Medida reforça importância da identificação correta para garantir inclusão e suporte adequados. Ausência de diagnóstico pode levar a dificuldades sociais, educacionais e profissionais
O presidente Luiz Inácio Lula da Silva sancionou a Lei nº 15.256/2025, que incentiva o diagnóstico do Transtorno do Espectro Autista (TEA) em adultos e idosos. A medida foi publicada no Diário Oficial da União (DOU) desta quinta-feira, 13 de novembro.
O objetivo é ampliar o acesso ao diagnóstico e garantir que pessoas adultas e idosas possam compreender melhor suas necessidades e receber o suporte adequado.
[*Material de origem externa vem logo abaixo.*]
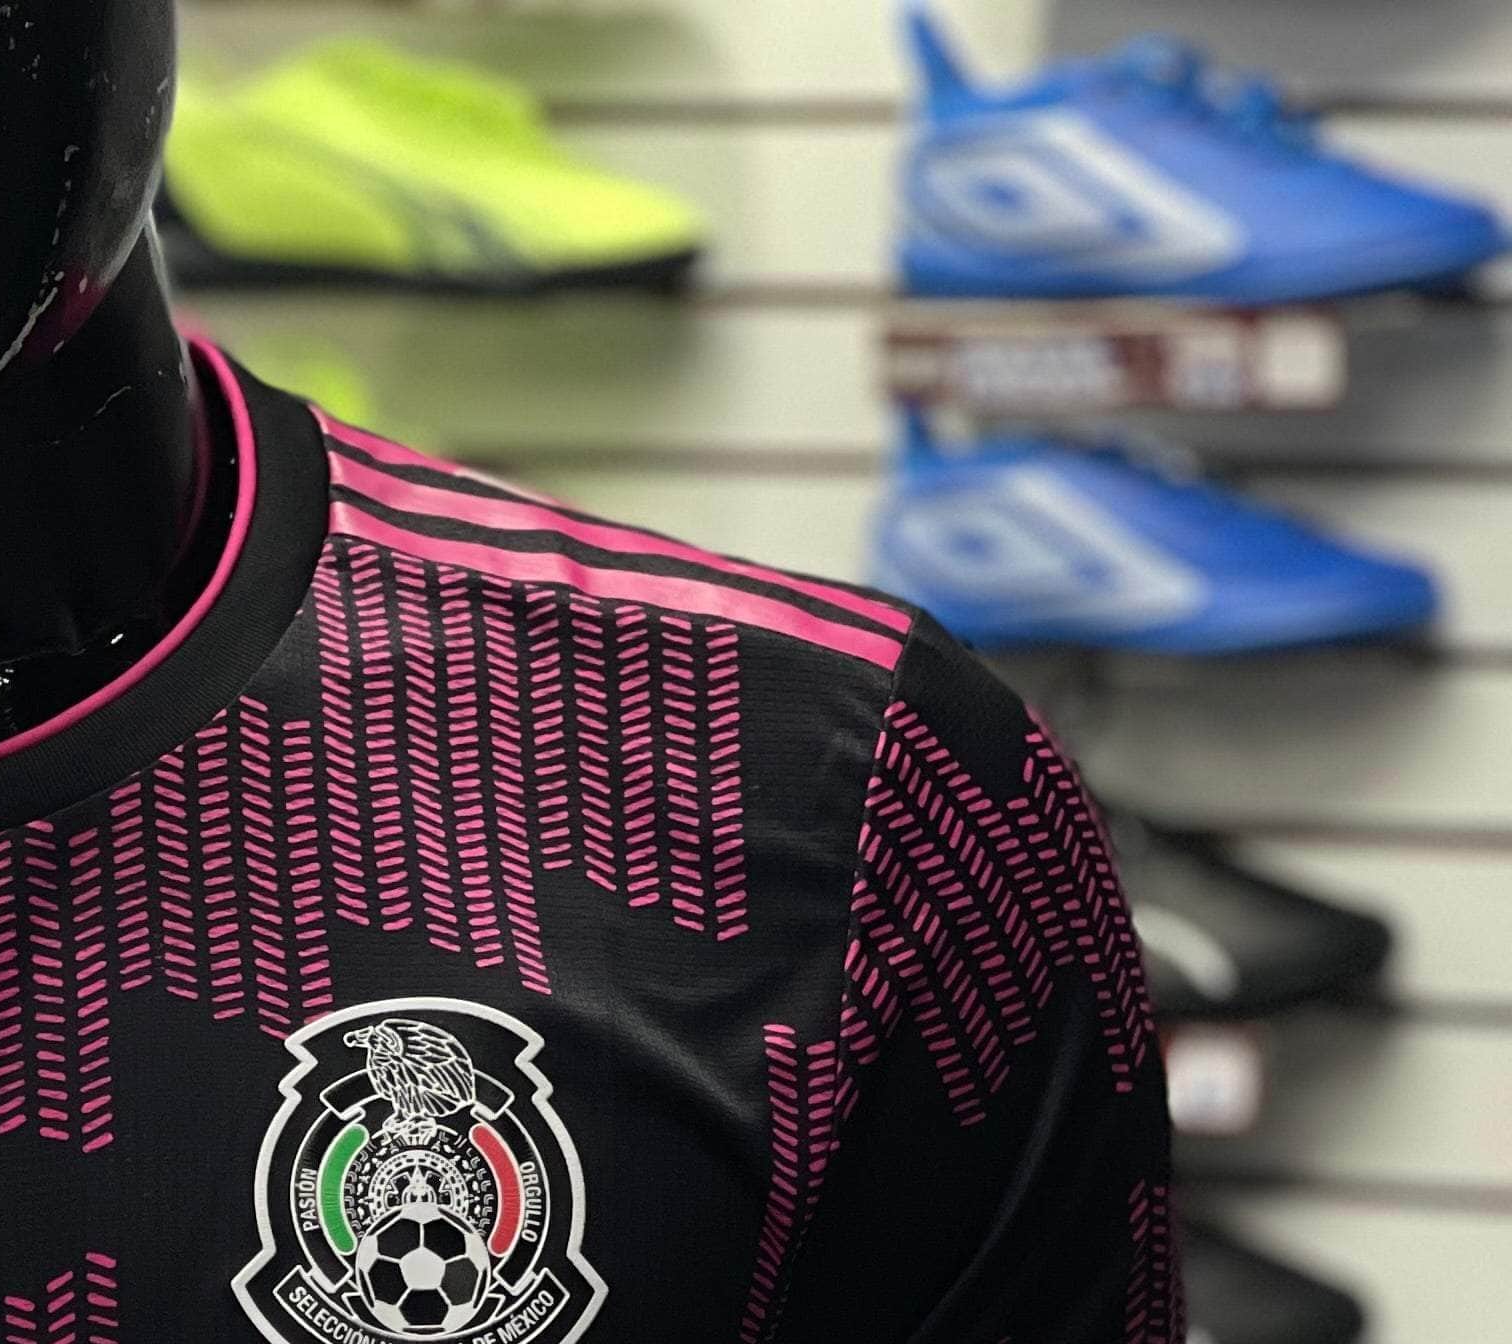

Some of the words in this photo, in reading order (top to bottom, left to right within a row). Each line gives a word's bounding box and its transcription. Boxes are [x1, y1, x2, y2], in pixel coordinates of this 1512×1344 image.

A ausência de um diagnóstico correto pode gerar dificuldades sociais, educacionais e profissionais, além de levar à interpretação equivocada dos sintomas, que muitas vezes são confundidos com ansiedade ou depressão.
A nova legislação altera as diretrizes da Política Nacional de Proteção dos Direitos da Pessoa com Transtorno do Espectro Autista (Lei nº 12.764), que até então priorizava a identificação do TEA na infância.
“O incentivo ao diagnóstico estará agora nas diretrizes da Política Nacional de Proteção dos Direitos da Pessoa com Transtorno do Espectro Autista, fortalecendo direitos. Uma legislação importante para que essas pessoas vivam de forma plena, além de abrir portas para o autoconhecimento e para a rede de apoio”, diz o deputado Alisson Wandscheer.
DIREITOS – A lei 15.256 garante mais qualidade de vida para as pessoas autistas que, segundo dados do Instituto Brasileiro de Geografia e Estatística (IBGE), somam 2,4 milhões de diagnosticados.
A mudança atende a um público cada vez maior de pessoas que chegam à vida adulta ou à velhice sem ter recebido diagnóstico formal de TEA. No passado, a falta de informações levou muitos autistas a serem confundidos com pessoas que sofrem de outros transtornos, como ansiedade, depressão ou esquizofrenia.
SINAIS — Entre alguns dos principais indicadores do TEA em adultos e idosos estão dificuldades para comunicação e interação social, comportamentos repetitivos e sensibilidade sensorial.
DIAGNÓSTICO — A avaliação deve ser realizada por profissionais especializados, como neurologistas, psiquiatras ou psicólogos, a partir de uma avaliação clínica detalhada.